In a piece written for Harper’s Magazine, Tom Robbins, my literary personal Jesus, tells a story about one of the musicians that plays on Big Mama Thornton’s recording of “Hound Dog.” This, as he relates it, was the musician heard barking at the end of the song.
When asked about this seemingly inspired moment, the backup man said, “I was going to meow, but that was too hip for them.”
And therein lies the secret to clients surviving in today’s ever-crowded landscape.
Walk with me for a bit on this one.
To bark at the end of a song called “Hound Dog” is clever, but not necessarily genius or unpredictable. It’s just clever enough for people to think they are buying into something creative. It’s the safe side of risky.
But to meow is inspired.
Meowing has edge, a backstory. It stays with you after the music has left.
We as an industry are often too tempted by the bark, the safe one. When presented with the choice, “just creative enough” will most likely be the default.
Yet, the cases that we all hold in esteem, the ones that truly stand out, turn business around and fill the PowerPoints of jealous competitors—the Old Spices, Burger Kings, Snickers—are the times when someone dared to meow.
The key is recognizing, pushing for and valuing the difference between “just creative enough” and truly breakthrough ideas.
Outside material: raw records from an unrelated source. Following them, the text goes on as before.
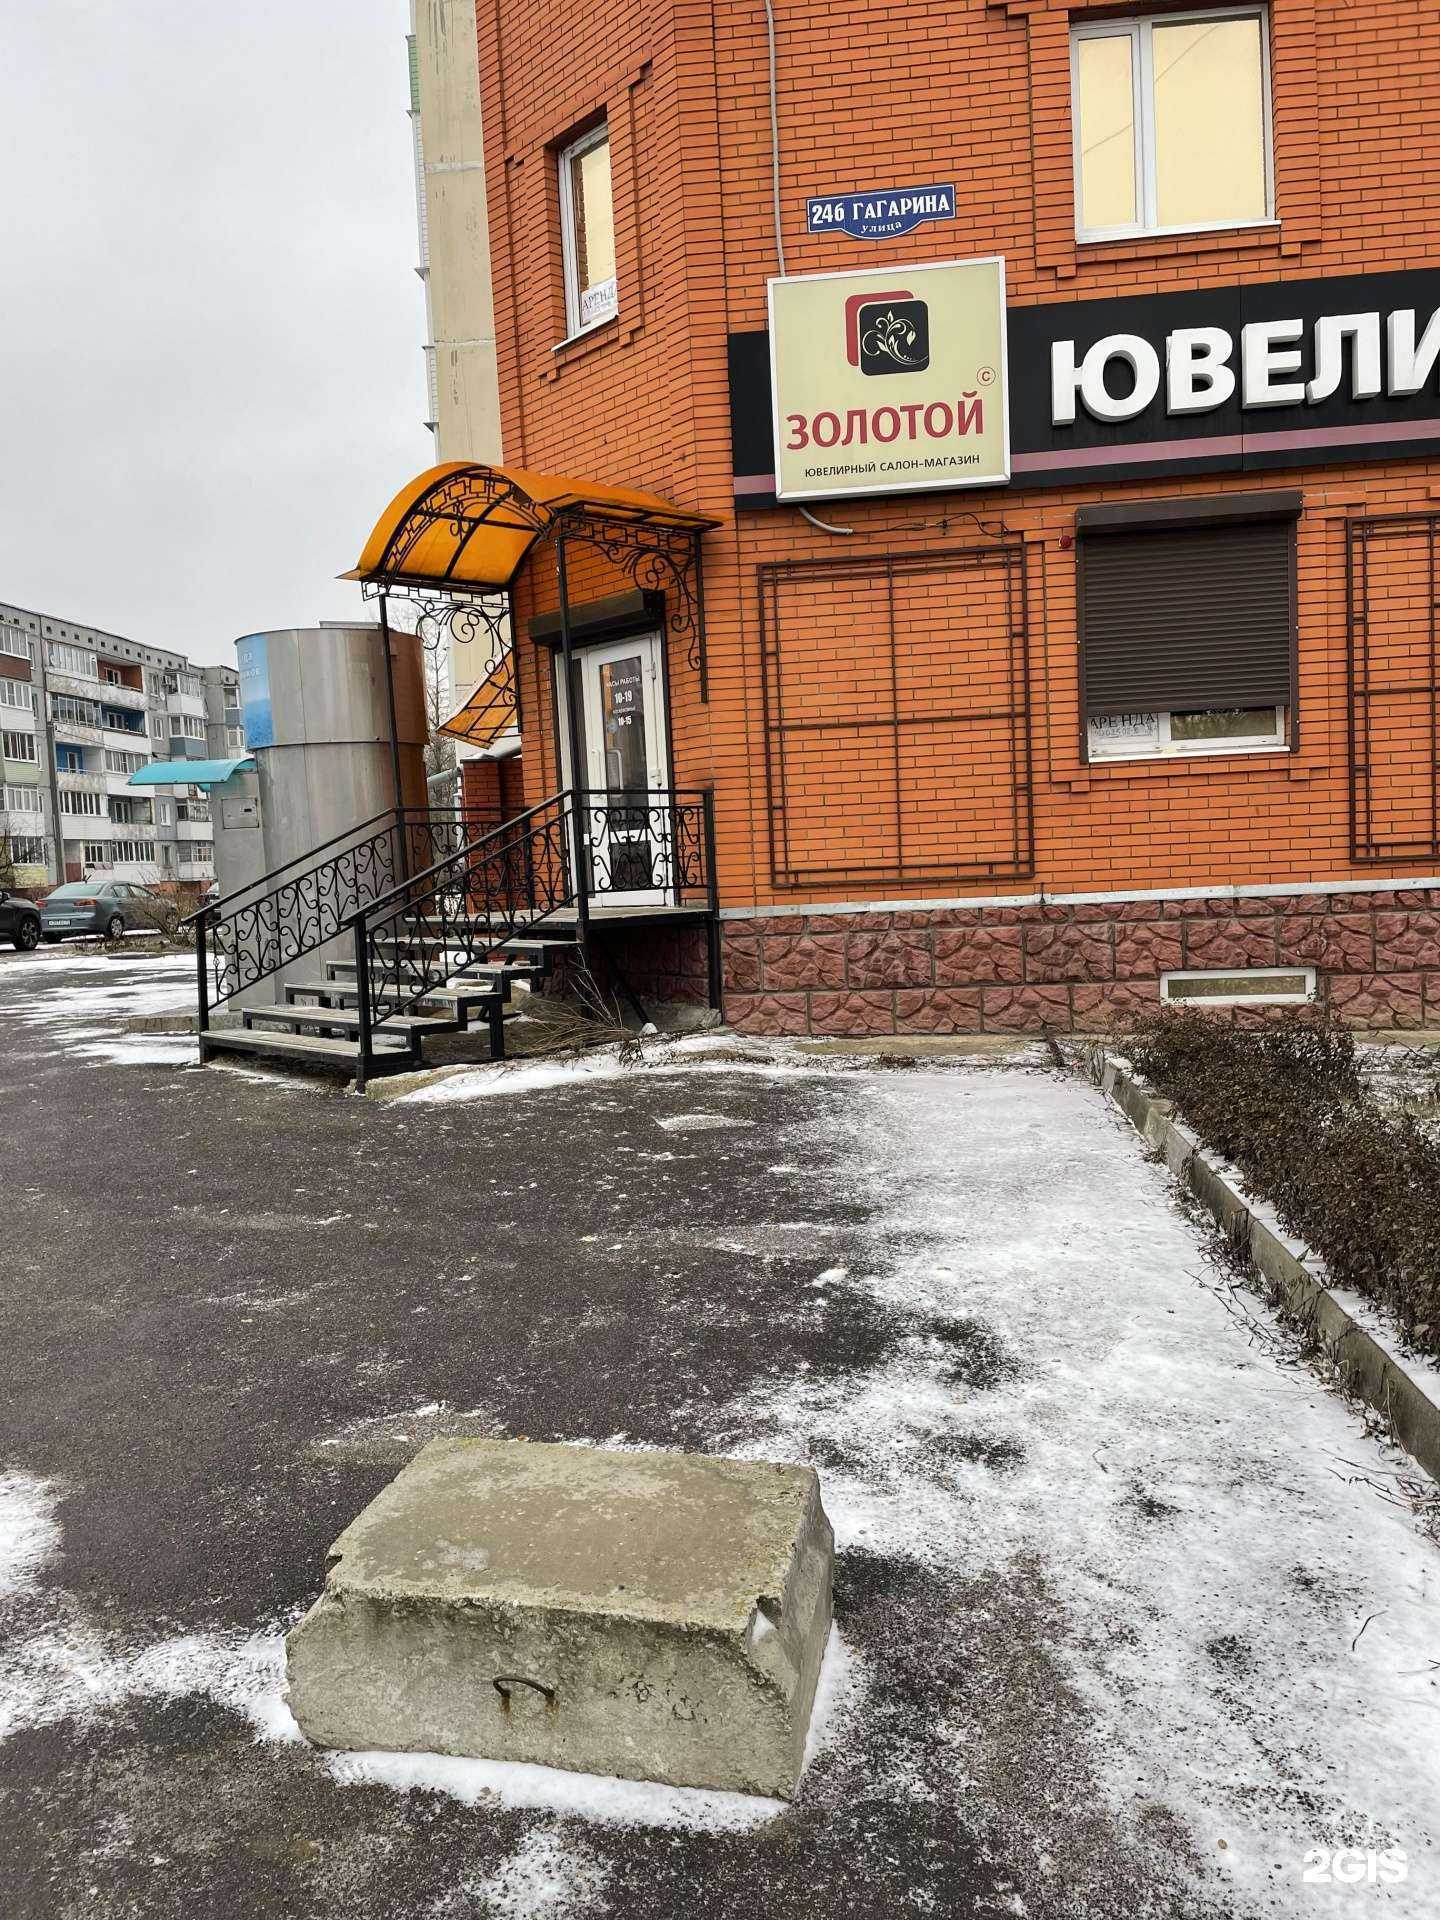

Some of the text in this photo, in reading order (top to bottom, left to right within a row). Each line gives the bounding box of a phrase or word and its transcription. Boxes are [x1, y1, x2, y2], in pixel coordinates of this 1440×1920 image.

[852, 194, 950, 220] ГАГАРИНА
[861, 221, 902, 233] улица
[786, 390, 984, 451] ЗОЛОТОЙ
[804, 454, 981, 477] ЮВЕЛИРНЫЙ САЛОН-МАГАЗИН
[614, 689, 633, 704] 10-19
[1090, 712, 1155, 730] АРЕНДА
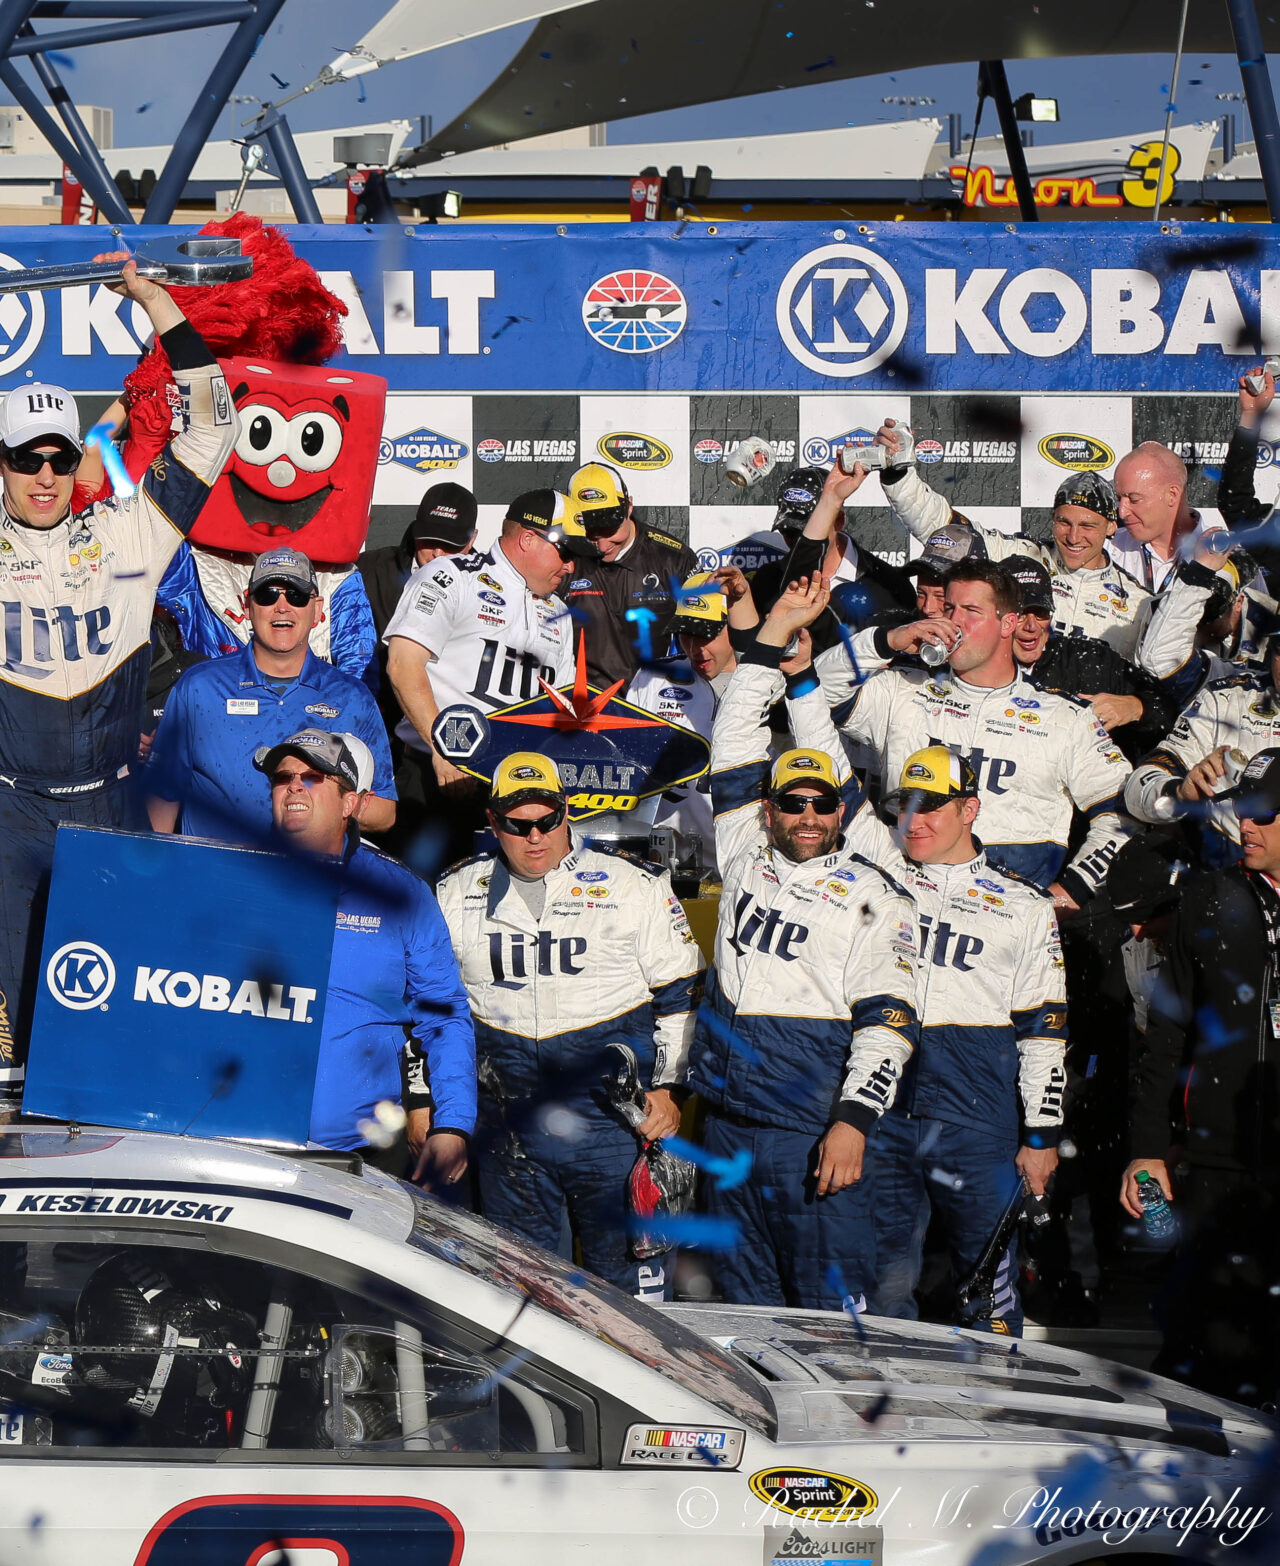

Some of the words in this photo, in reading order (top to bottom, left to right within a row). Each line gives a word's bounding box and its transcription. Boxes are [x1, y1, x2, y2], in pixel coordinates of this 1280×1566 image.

[1121, 139, 1182, 208] 3
[26, 392, 64, 413] Lite
[396, 444, 461, 458] KOBALT
[506, 440, 531, 456] LAS
[532, 440, 576, 456] VEGAS
[617, 439, 644, 448] NASCAR
[944, 442, 970, 456] LAS
[971, 442, 1017, 457] VEGAS
[1058, 441, 1086, 449] NASCAR
[1193, 442, 1230, 457] VEGA
[532, 455, 575, 463] SPEEDWAY
[622, 447, 648, 459] Sprint
[1063, 449, 1091, 461] Sprint
[416, 460, 459, 469] 400
[429, 511, 459, 520] PENSKE
[436, 505, 456, 513] TEAM
[10, 561, 41, 572] SKF
[483, 591, 506, 606] Ford
[481, 604, 504, 616] SKF
[659, 701, 686, 711] SKF
[945, 698, 971, 711] SKF
[558, 764, 636, 791] BALT
[48, 779, 105, 795] ESELOWSKI
[567, 793, 639, 811] 400
[1075, 838, 1120, 886] Lite
[581, 872, 603, 882] Ford
[360, 915, 381, 925] VEGAS
[726, 888, 809, 963] Lite
[919, 912, 985, 972] ite
[484, 930, 587, 992] Lite
[133, 966, 317, 1023] KOBALT
[855, 1057, 898, 1107] Lite
[1038, 1066, 1066, 1119] Lite
[16, 1194, 235, 1223] KESELOWSKI
[668, 1430, 724, 1449] NASCAR
[629, 1449, 682, 1461] RACE
[783, 1477, 828, 1488] NASCAR
[793, 1488, 836, 1503] Sprint
[779, 1535, 829, 1557] Coors
[831, 1540, 877, 1555] LIGHT
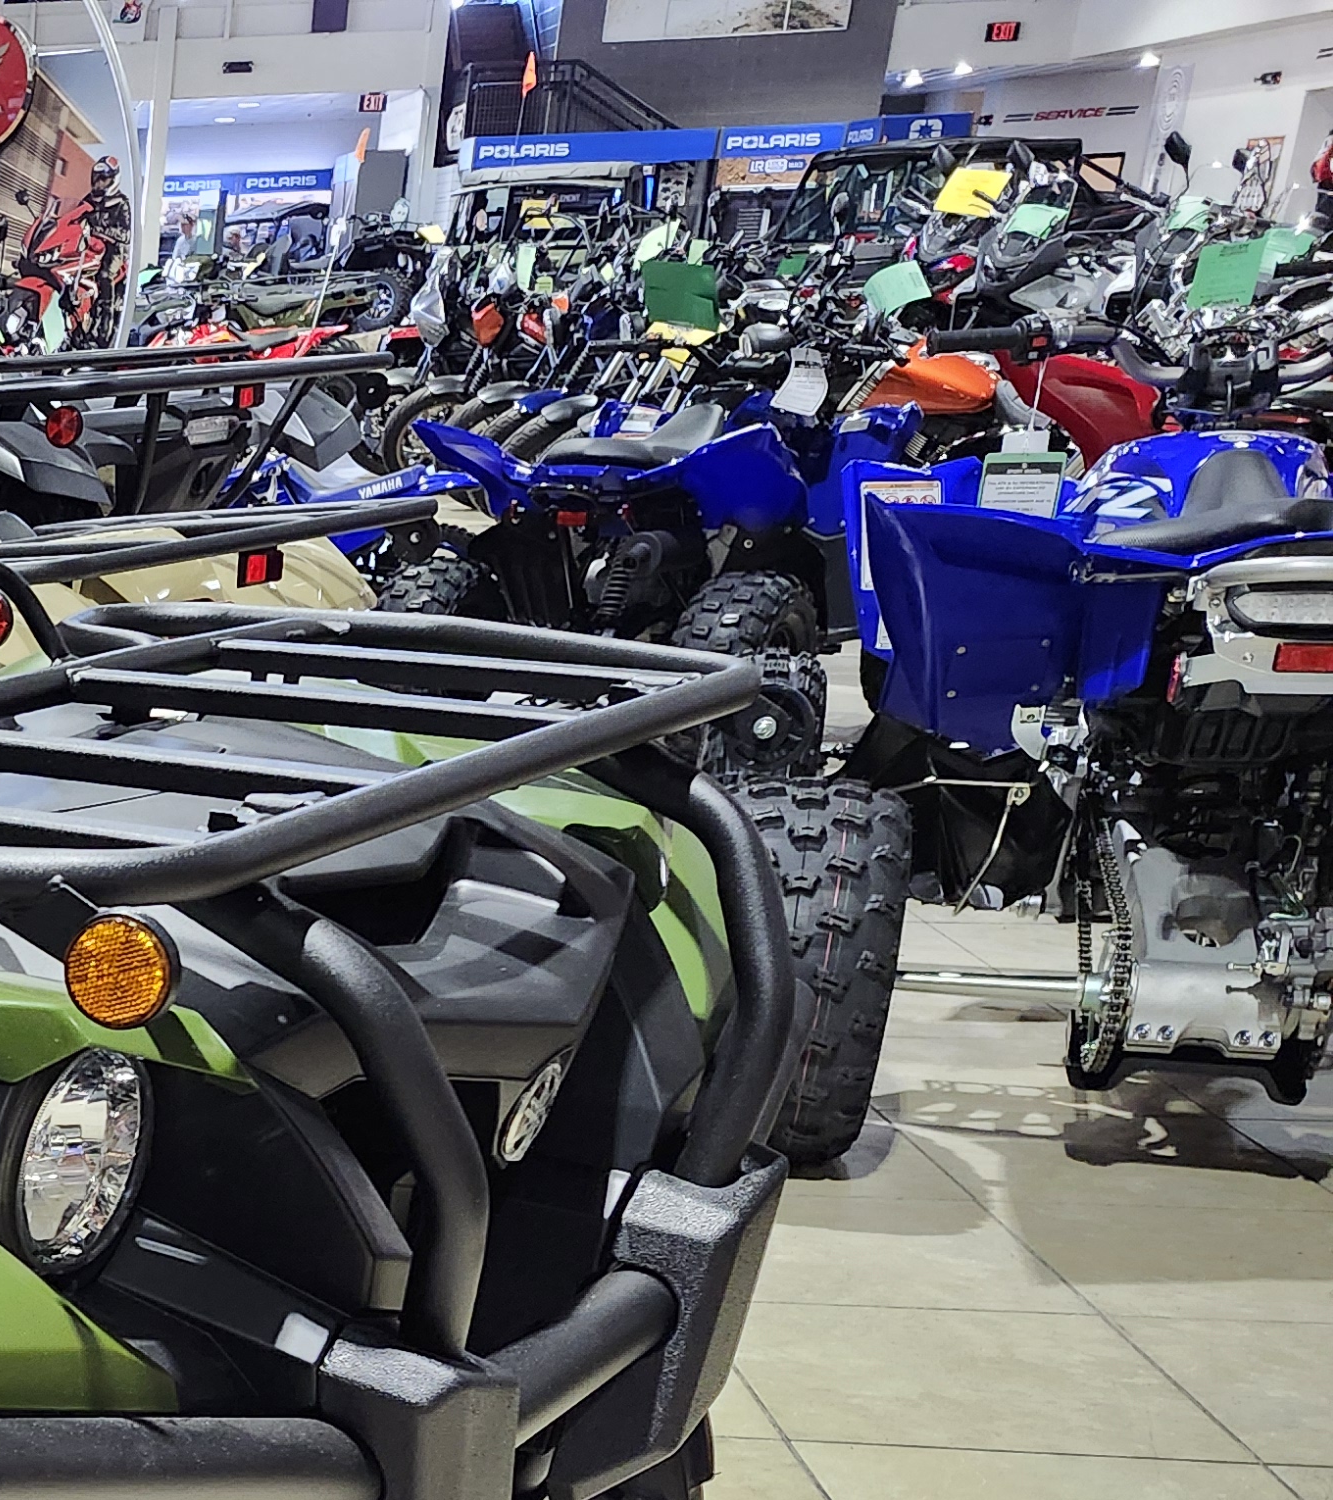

It’s not falling for the comfortable siren song of good, and understanding that in today’s attention-numbing, oversaturated environment where good has become table stakes, “just creative enough” becomes part of the noise. Safe is the new risky.
For clients, it’s about going with ideas that make you feel something versus the ideas that check the boxes. The idea that may make you nervous at first, but even more nervous if your competitors did it instead.
For agencies, it may be the one “they would never buy” or the one they didn’t ask for. It’s always the one you can’t wait to show them. Don’t stop until you get there.
While a bark may make things comfortably playful, a meow changes the game.